The underlying numbers say it’s real
- Stat: Misiorowski’s ERA is 1.65. His FIP is 1.85.
This is the question every skeptic reaches for, and it is a fair one. ERAs lie. Small samples distort. Hot stretches happen. So we pull the FIP, the fielding-independent pitching metric that strips away defense and luck and isolates what a pitcher actually controls. Misiorowski’s ERA is 1.65. His FIP is 1.85.
They match, and almost perfectly. When ERA and FIP align that closely, you are not looking at a pitcher getting lucky. You are looking at a pitcher who is actually doing what the box score says he is doing. The strikeouts are real. The contact suppression is real. His H/9 of 4.7 is the lowest figure on the entire top-18 strikeout leaderboard, by a margin that is not close.
His ERA+ sits at 249. For context, a 200 ERA+ is historically elite in any single season, and he is almost fifty points above that.
Why 100 mph looks even faster
Standing 6-foot-7 and touching 104 mph, Misiorowski already possesses the kind of velocity most pitchers can only dream about. But the real weapon is his extension.
He generates 7.4 feet of release extension, meaning he releases the ball significantly closer to home plate than the average pitcher. A 100 mph fastball is already difficult to hit. From that release point, it effectively plays even faster, giving hitters even less time to react.
Velocity without location is just a loud mistake though. That has been the knock on power arms with his profile since the beginning of the analytics era. What separates Misiorowski from every other flamethrower on this leaderboard is that the 104 goes exactly where he wants it, and it arrives sooner than the hitter’s nervous system expected. That combination is not a skill. It is a problem without a solution.
If the season-long numbers feel abstract, what Misiorowski just did across a single month is not. Over six starts, Misiorowski threw 38.1 innings with a 0.23 ERA, 57 strikeouts and just six walks. Since the Pitcher of the Month award was introduced in 1975, only three pitchers have recorded at least 50 strikeouts with an ERA below 0.50 in a calendar month: Nolan Ryan, Johan Santana and Misiorowski.
The strikeouts will keep climbing. The 1.65 ERA may drift some as the season lengthens, because they always do. But the structural reasons behind this performance, the K/BB transformation, the pitch efficiency, the FIP alignment, none of those are products of a hot month.

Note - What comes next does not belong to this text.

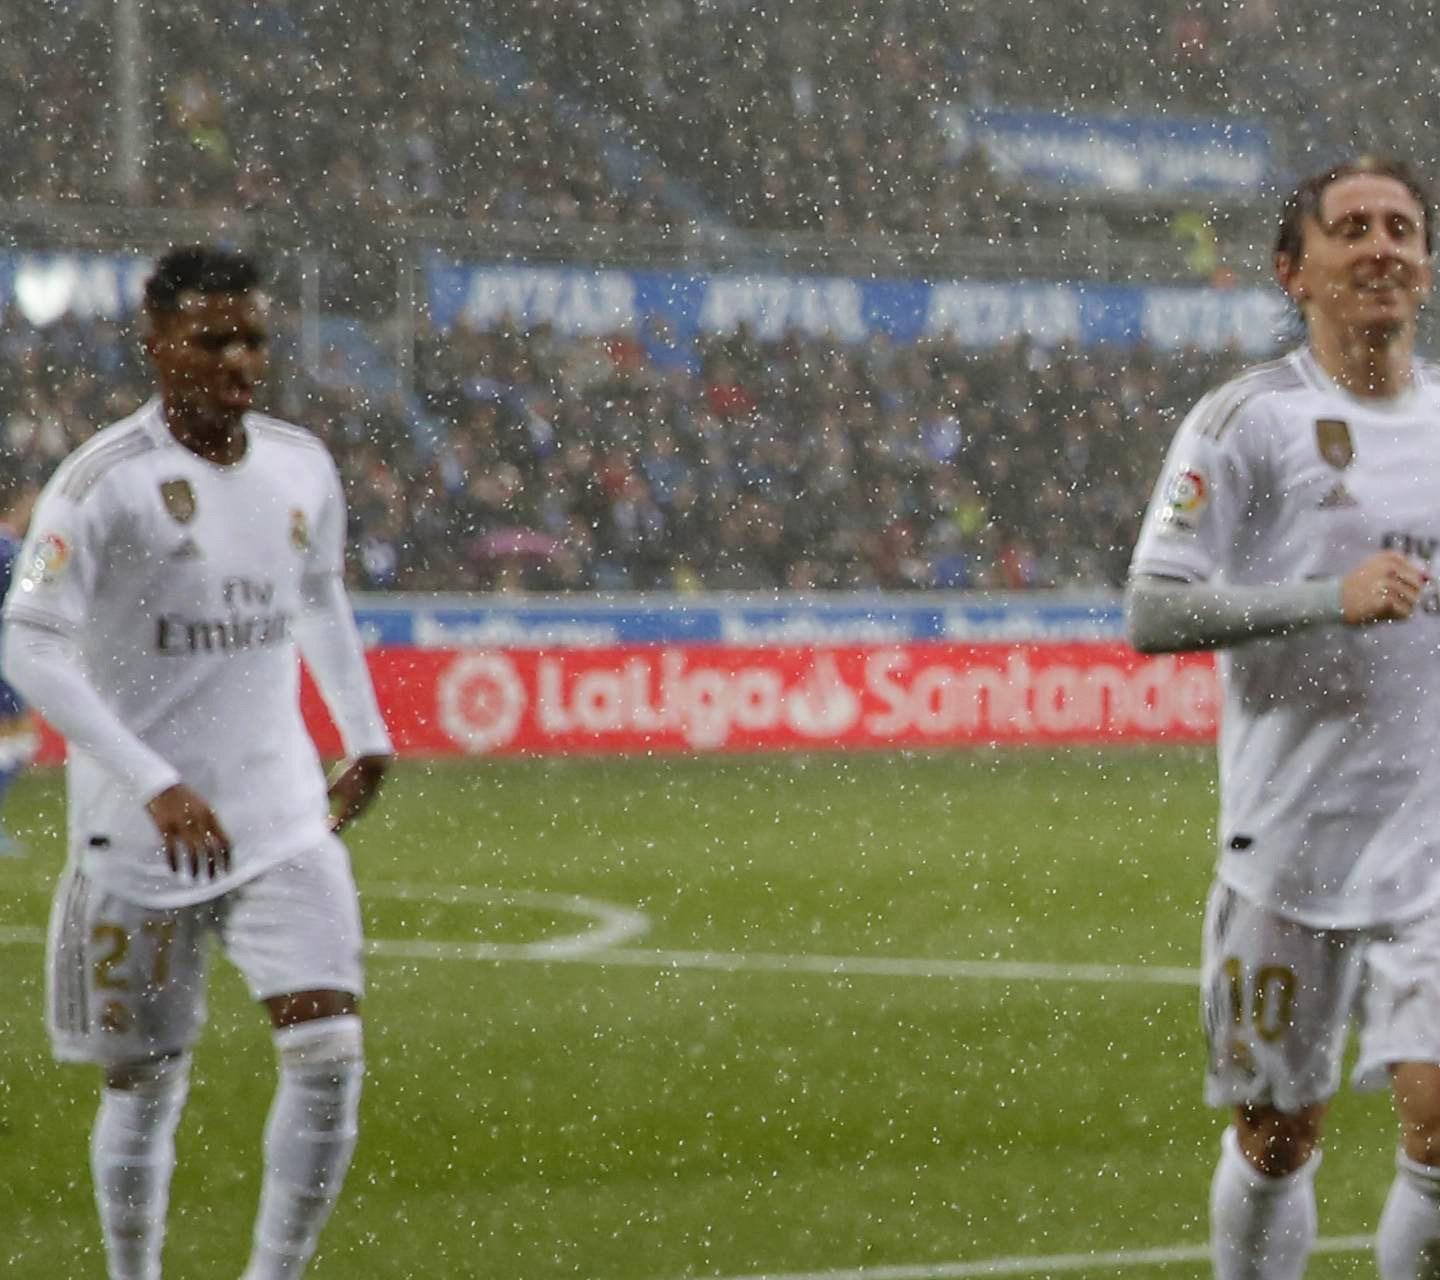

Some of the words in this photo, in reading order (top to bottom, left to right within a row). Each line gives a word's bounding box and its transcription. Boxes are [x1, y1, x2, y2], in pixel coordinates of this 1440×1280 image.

[537, 651, 783, 750] LaLiga
[864, 648, 1222, 738] Santande
[1223, 957, 1298, 1043] 10

Jacob Misiorowski just finished one of the most brilliant months you’ll ever see:
🔵 0.23 ERA (1 ER)
🔵 38.1 IP
🔵 57 K
🔵 .109 AVG
🔵 0.52 WHIP pic.twitter.com/Pc8f1IMuHo— Milwaukee Brewers (@Brewers) May 31, 2026
The scary part: he might still be improving
Milwaukee has built something around Misiorowski that deserves its own conversation. Kyle Harrison is fifth on the same leaderboard at 73 strikeouts with a 1.57 ERA. The Brewers have two pitchers inside the top 25 in MLB strikeouts who both carry ERAs under 2.00. That rotation construction is not an accident.
For Misiorowski specifically, the ceiling is the part that should make the rest of the league uncomfortable. He has not maxed out. The command is still improving. If the 5.68 K/BB ratio is his new floor rather than his peak, the conversation shifts from “is this real” to “how do you stop it.”
The answer, based on everything the 2026 data has offered so far, is that you mostly do not. You swing the bat and hope the ball hits it.
Statistics sourced from Baseball Reference through June 4, 2026.